Inter-jurisdictional coordination in the management of natural resources: evidence from water basin committees in Brazil
Mobarak Mushfiq, Ahmed
Decentralized management of public goods creates the potential for spillovers across jurisdictions. These spillovers may be particularly large in the case of river management where the river has little value to upstream constituents once it has left the jurisdiction. Cross border cooperation in management of public goods can reduce spillovers, but negotiation between jurisdictions can be difficult to achieve. This paper estimates the effectiveness of policy interventions designed to increase the potential for coordination and negotiation between jurisdictions and investigates the mechanisms through which water management committees and other forums designed to enable cooperation between jurisdictions may improve cross border cooperation.
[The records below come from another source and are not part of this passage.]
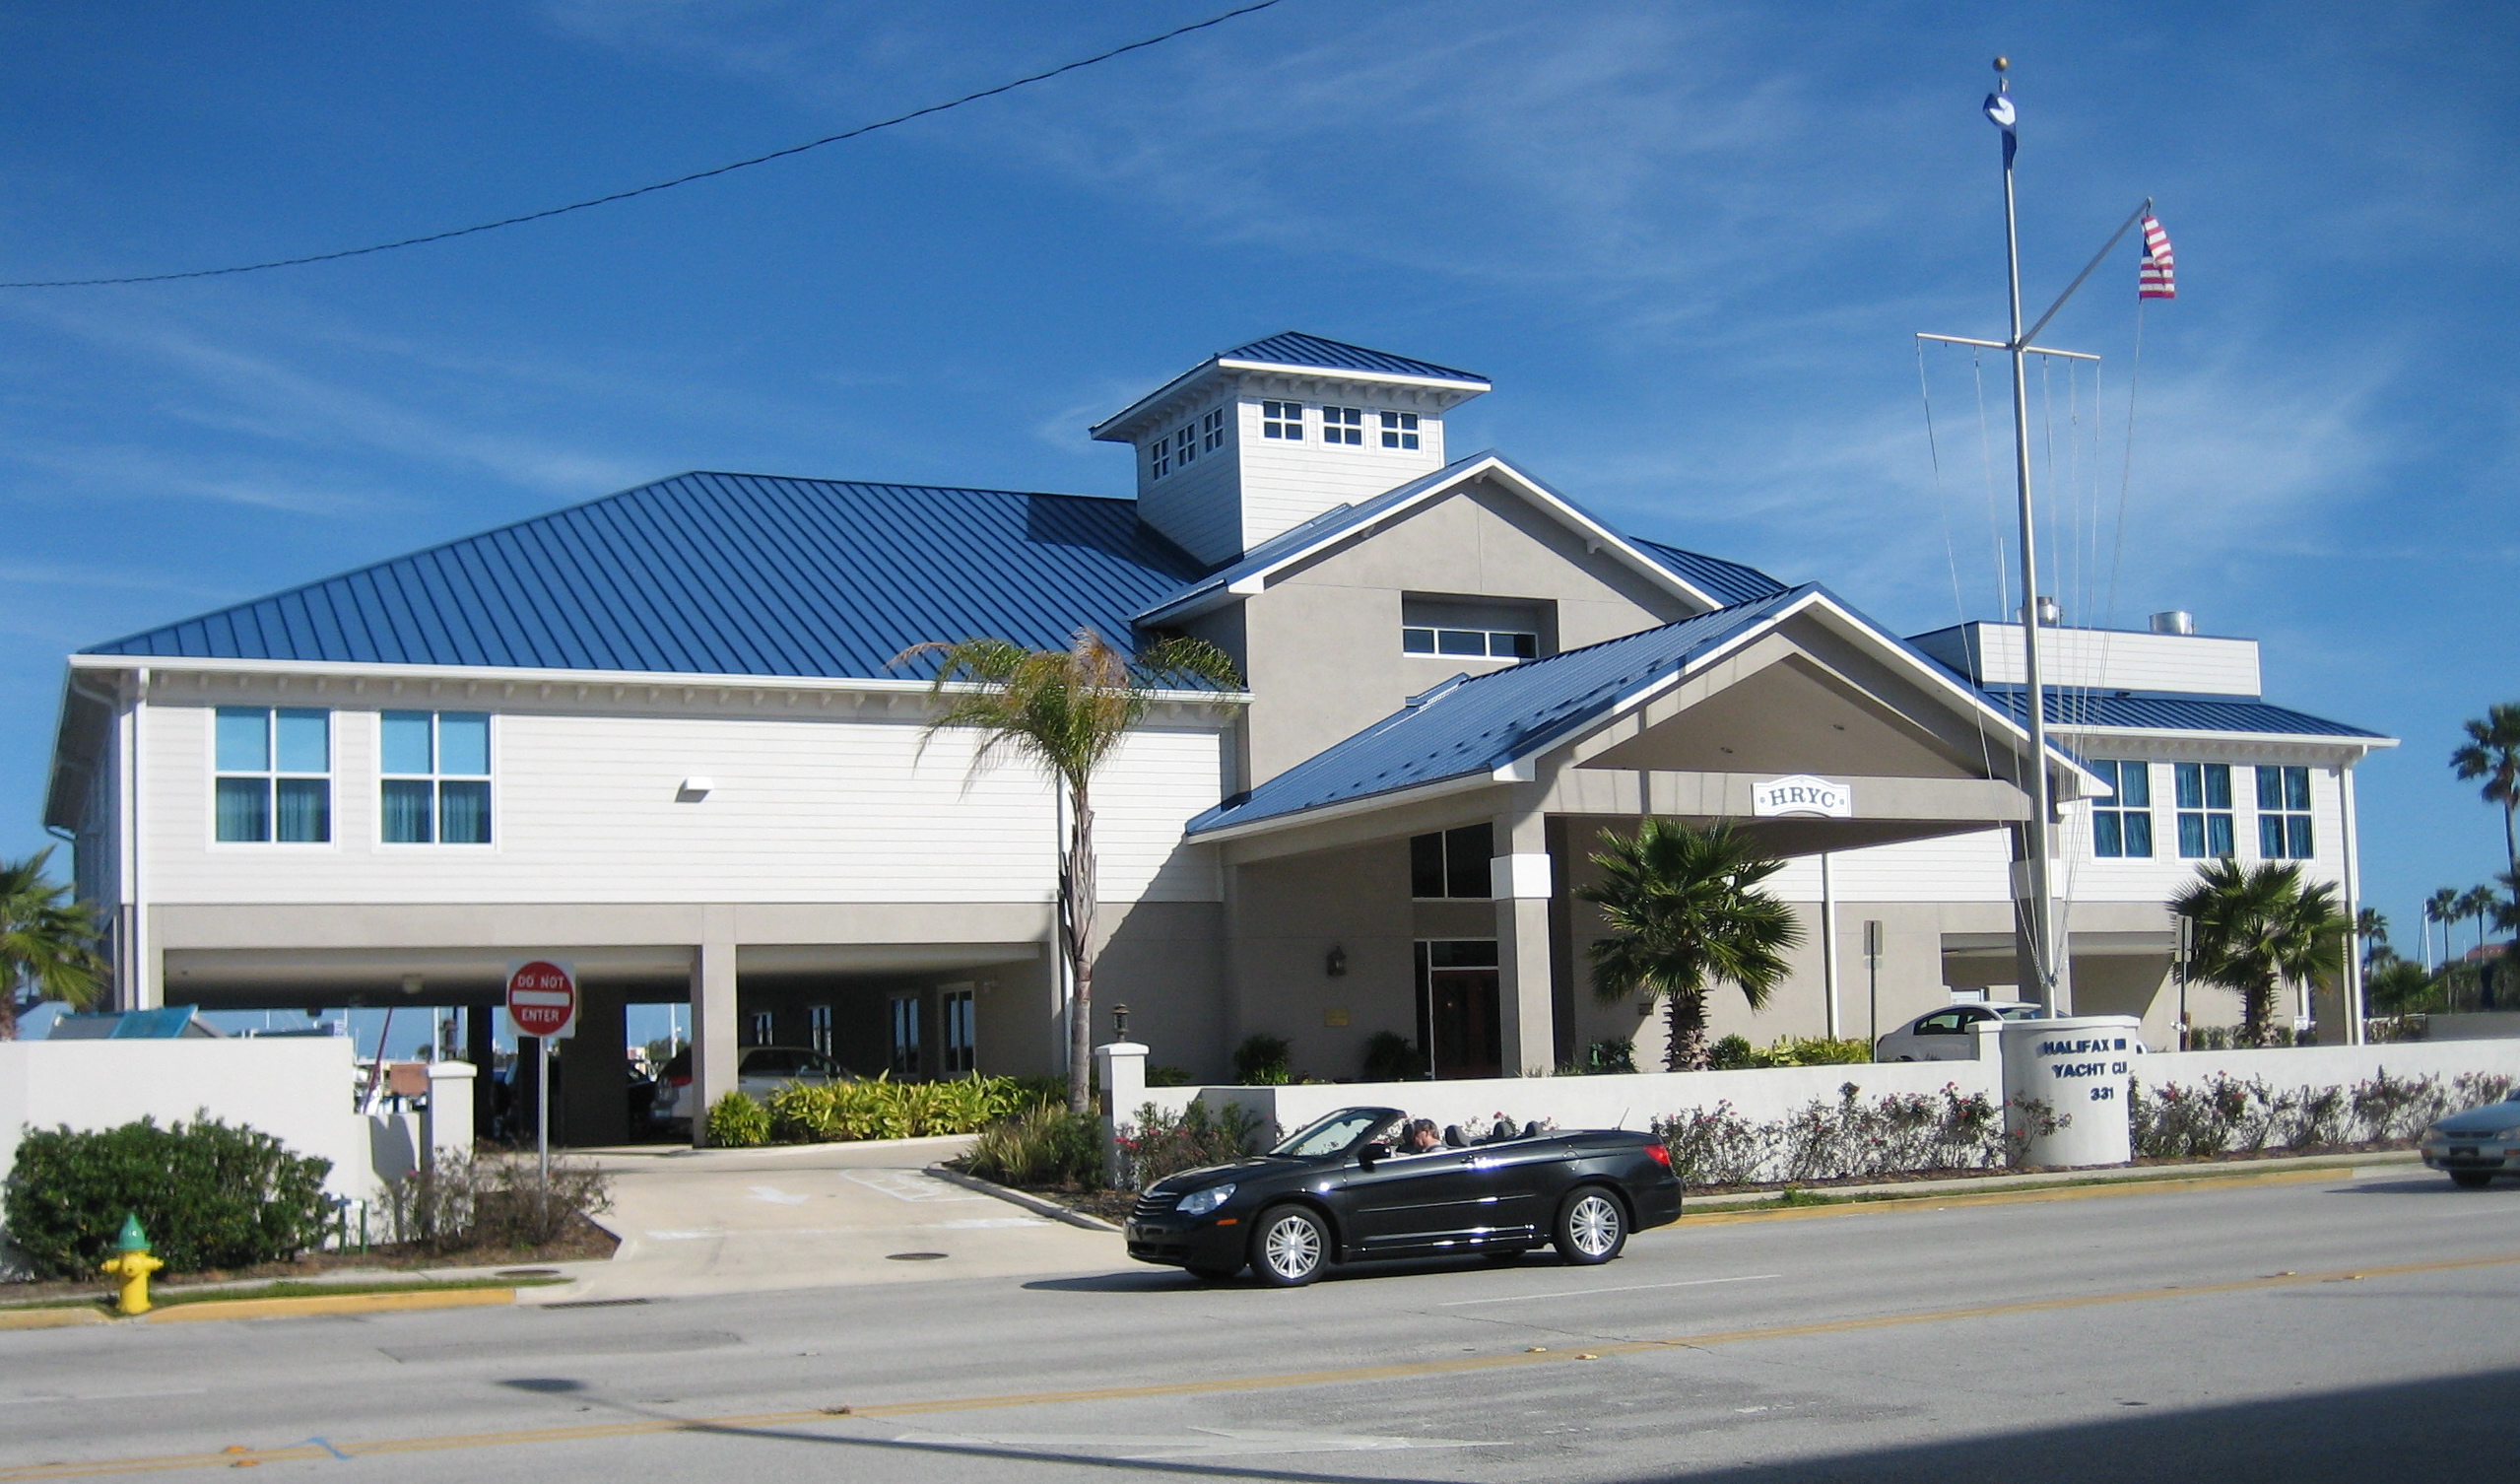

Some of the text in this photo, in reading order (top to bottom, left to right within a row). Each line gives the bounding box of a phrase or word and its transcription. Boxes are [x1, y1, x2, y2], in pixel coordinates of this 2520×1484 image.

[1768, 786, 1835, 808] HRYC
[517, 975, 564, 988] DO NOT
[522, 1008, 560, 1022] ENTER
[2042, 1039, 2110, 1055] HALIFAX
[2051, 1062, 2106, 1079] YACHT
[2089, 1086, 2114, 1101] 331
We develop a simple theoretical model, based on a two stage bargaining game, in which we analyze negotiation between jurisdictions. We arrive at several key theoretical predictions: 1) Pollution levels between jurisdictions decrease following the institution of water basin committees, 2) These reductions in pollution loads are largest in the downstream areas of the river, and 3) Political affiliation and other factors which reduce transactions costs between counties also lead to larger negotiated pollution reductions by the upstream county. We find that overall; water basin management committees have a mixed impact on water quality. Organic pollution loads appear to decrease with the institution of water basin committees, but the overall health of the river as measured by dissolved oxygen content appears to be relatively unaffected by the institution of water basin committees. Consistent with the model, we find that the impact of water basin committees is largest in the downstream portion of the river where information asymmetries about the origin of the pollution are largest. We also find that increases in political cohesion between the upstream and downstream counties lead to decreases in organic pollution loads between the upstream and downstream counties. These decreases in pollution arising from decreased costs of negotiation between local leaders appear to be largest when combined with dedicated forums for negotiation between the counties.